During the installation of my new Ubiquiti UniFi home-network I noticed that the Cloud Key management console uses a self-signed certificate which annoyed me for days:
There is no support for Let’s Encrypt nor does Ubiquiti have a knowledge base article explaining how to install a proper certificate and their support forums are filled with the same questions. When I asked Ubiquiti support via ticket to assist I was pointed to some arbitrary 3rd party blog-post which provided instructions for installing SSL on the UniFi Cloud Controller hosted on AWS, but did not provide any information on how to install a SSL certificate onto the UniFi Cloud Key.
If you prefer Let’s Encrypt and you have a Cloudflare account you should try: UniFi SSL Cloud Key installation with Let’s Encrypt.
Backup Everything
The Cloud Key allows SFTP access as well as SSH-access. Before you continue with this guide, make a backup of the current certificate configuration.

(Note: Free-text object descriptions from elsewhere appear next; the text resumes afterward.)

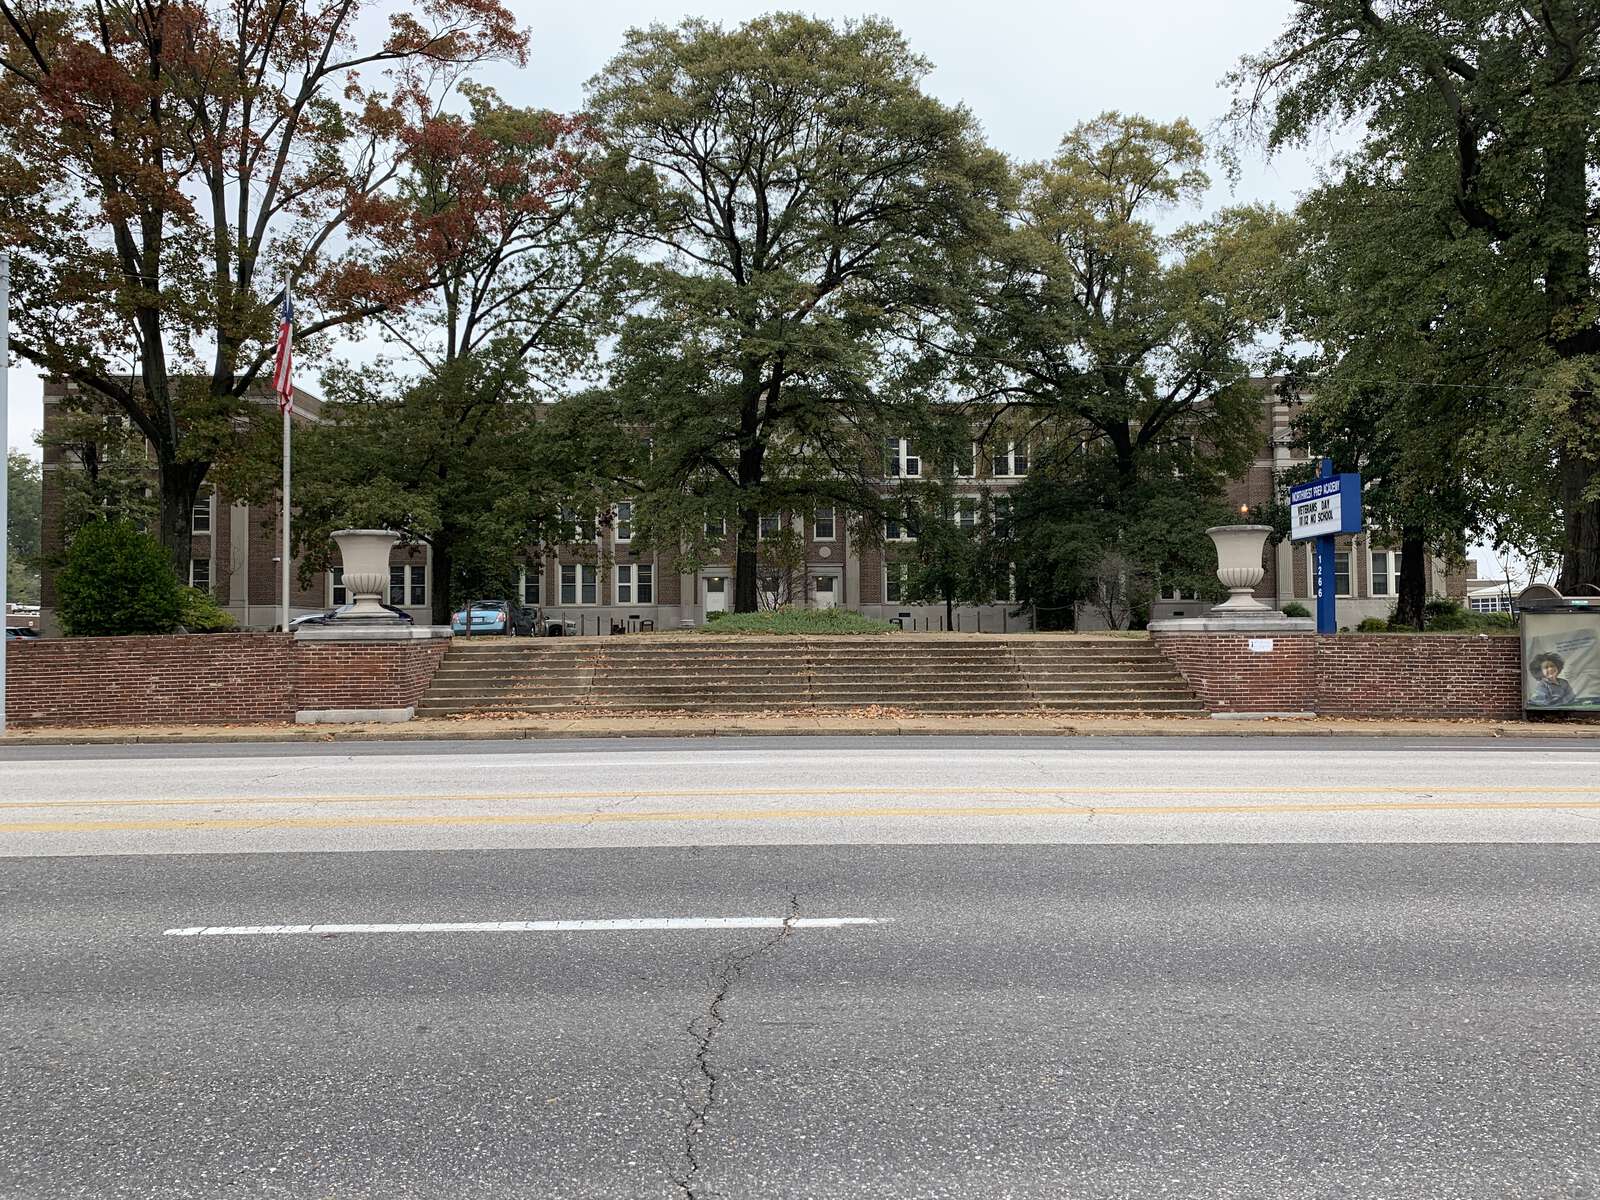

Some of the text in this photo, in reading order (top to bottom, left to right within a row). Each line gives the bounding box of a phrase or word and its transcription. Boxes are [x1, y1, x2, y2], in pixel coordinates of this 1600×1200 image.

[1292, 480, 1340, 502] NORTHWEST PREP ACADEMY
[1298, 499, 1330, 515] VETERANS DAY
[1310, 513, 1316, 523] NO
[1318, 510, 1333, 522] SCHOOL
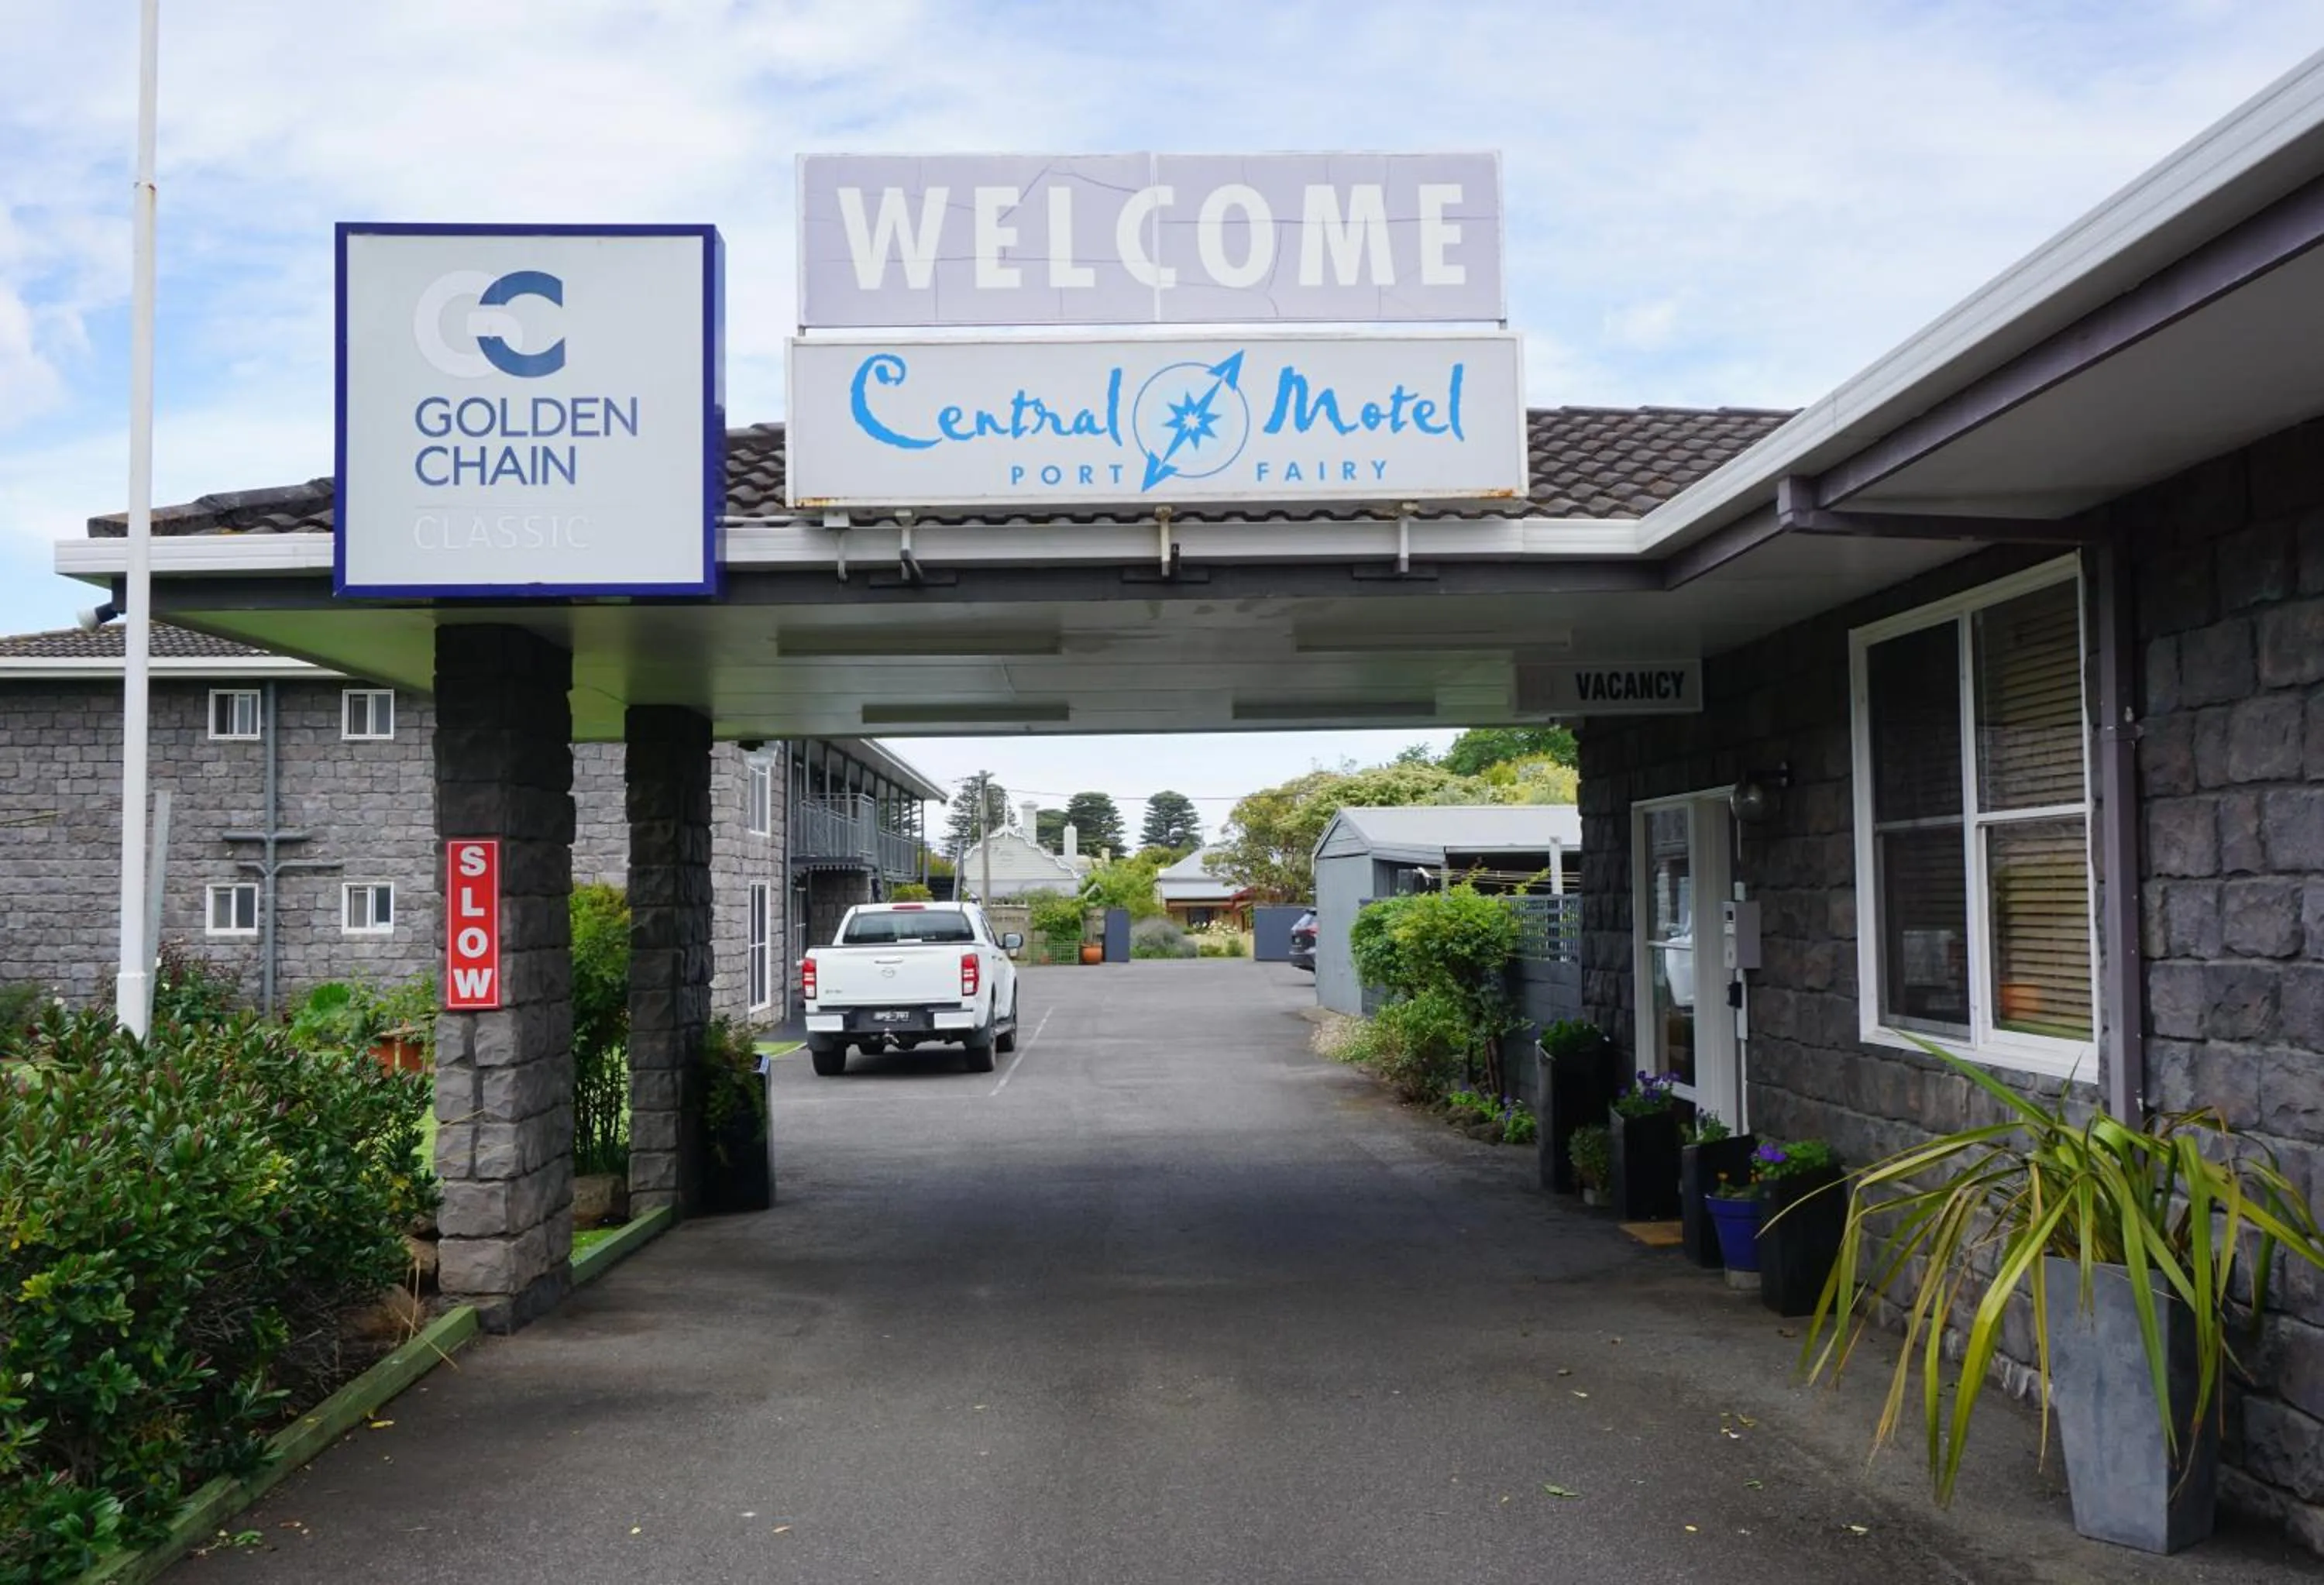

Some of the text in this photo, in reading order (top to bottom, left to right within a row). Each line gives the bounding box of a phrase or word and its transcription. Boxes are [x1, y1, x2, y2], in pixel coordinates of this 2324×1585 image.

[837, 183, 1466, 291] WELCOME
[415, 396, 638, 438] GOLDEN
[850, 353, 1466, 449] Central Motel
[415, 445, 576, 485] CHAIN
[1010, 459, 1387, 486] PORT FAIRY
[413, 514, 590, 549] CLASSIC
[1576, 671, 1685, 700] VACANCY
[453, 845, 493, 999] SLOW

To be really safe, make a copy of /etc/ssl/private to your local computer.
After you have backed up the Cloud Key directory, delete it’s content:
rm -f /etc/ssl/private/*
Create the CSR – Certificate Signing Request
First we generate a new private key:
openssl genrsa -out /etc/ssl/private/cloudkey.key 2048
Then create the CSR:
openssl req -new -batch \ -subj "/C=ZA/ST=Gauteng/L=Johannesburg/O=Naschenweng.info/OU=UniFi/CN=unifi.naschenweng.info/emailAddress=gerd@naschenweng.info" \ -key /etc/ssl/private/cloudkey.key \ -out /etc/ssl/private/cloudkey.csr
The only relevant section is the “CN=” (common name) part, which should be the website name of your Cloud Key (with SSL you will address a website via a domain name instead of an IP).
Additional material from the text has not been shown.